PROVIDED INFORMATION:
┌──

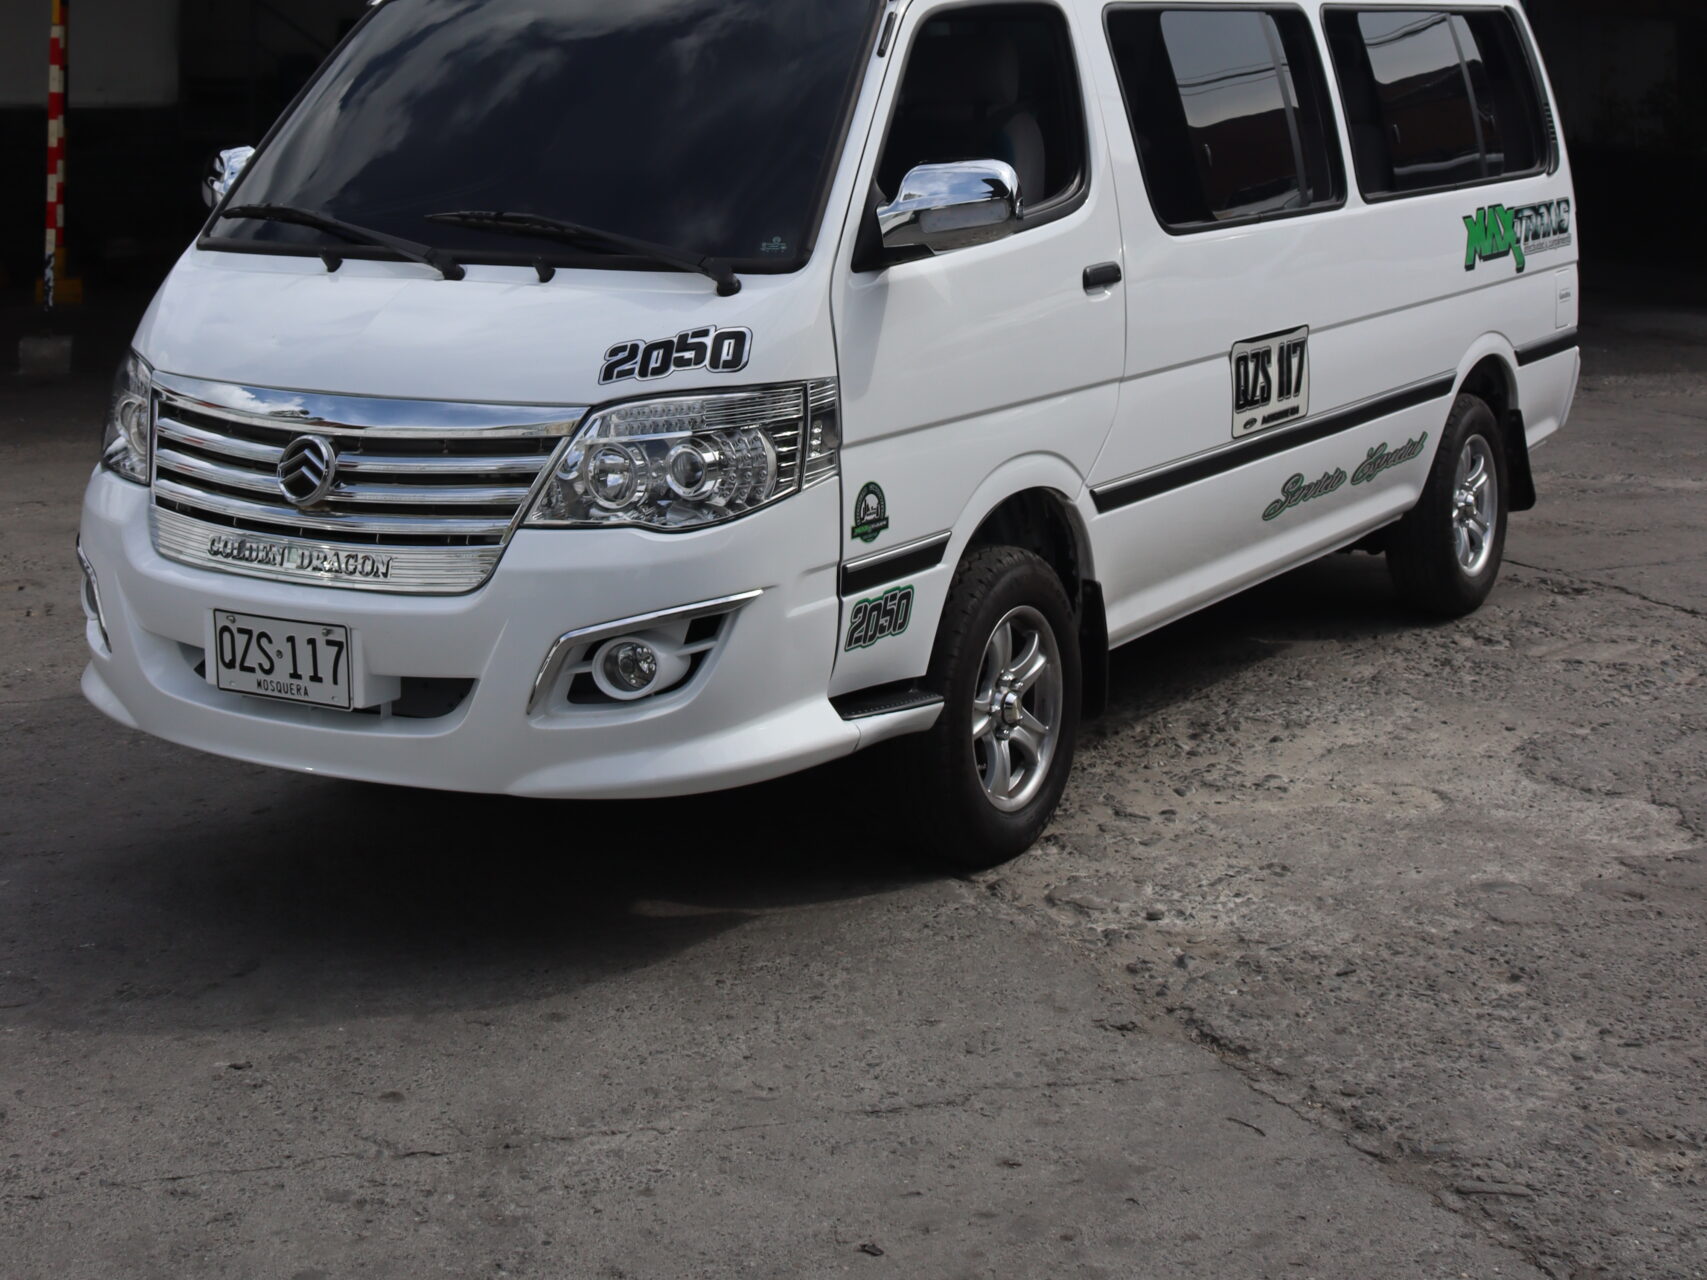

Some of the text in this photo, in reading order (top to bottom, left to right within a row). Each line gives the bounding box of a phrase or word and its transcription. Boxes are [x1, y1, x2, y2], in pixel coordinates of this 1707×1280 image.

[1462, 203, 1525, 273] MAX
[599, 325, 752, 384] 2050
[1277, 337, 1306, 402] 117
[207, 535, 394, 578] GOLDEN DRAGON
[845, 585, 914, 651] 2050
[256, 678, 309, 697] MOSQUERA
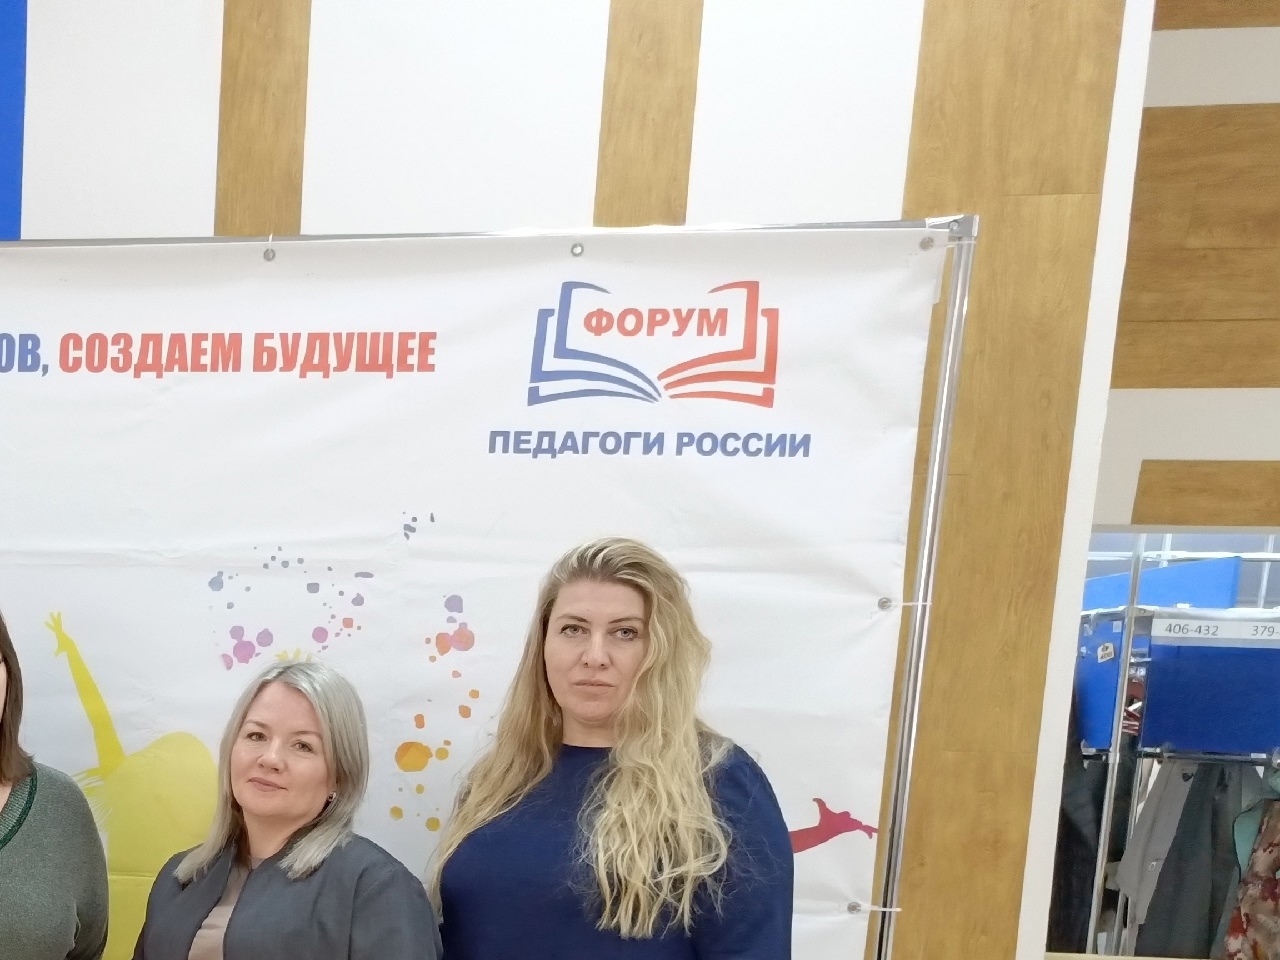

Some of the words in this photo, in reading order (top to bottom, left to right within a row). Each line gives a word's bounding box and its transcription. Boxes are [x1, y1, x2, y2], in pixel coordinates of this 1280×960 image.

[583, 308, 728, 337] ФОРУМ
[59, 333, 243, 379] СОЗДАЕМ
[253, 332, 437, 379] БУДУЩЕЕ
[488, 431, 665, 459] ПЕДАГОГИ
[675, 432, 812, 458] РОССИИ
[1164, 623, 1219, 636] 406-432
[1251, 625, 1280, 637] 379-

└──

EXERCISE OBJECTIVE: Output the entries above exactly, without their pictures.

ANSWER BELOW:
Some of the text in this photo, in reading order (top to bottom, left to right within a row). Each line gives the bounding box of a phrase or word and its transcription. Boxes are [x1, y1, x2, y2], in pixel coordinates of this 1707×1280 image.

[1462, 203, 1525, 273] MAX
[599, 325, 752, 384] 2050
[1277, 337, 1306, 402] 117
[207, 535, 394, 578] GOLDEN DRAGON
[845, 585, 914, 651] 2050
[256, 678, 309, 697] MOSQUERA

Some of the words in this photo, in reading order (top to bottom, left to right within a row). Each line gives a word's bounding box and its transcription. Boxes are [x1, y1, x2, y2], in pixel coordinates of this 1280×960 image.

[583, 308, 728, 337] ФОРУМ
[59, 333, 243, 379] СОЗДАЕМ
[253, 332, 437, 379] БУДУЩЕЕ
[488, 431, 665, 459] ПЕДАГОГИ
[675, 432, 812, 458] РОССИИ
[1164, 623, 1219, 636] 406-432
[1251, 625, 1280, 637] 379-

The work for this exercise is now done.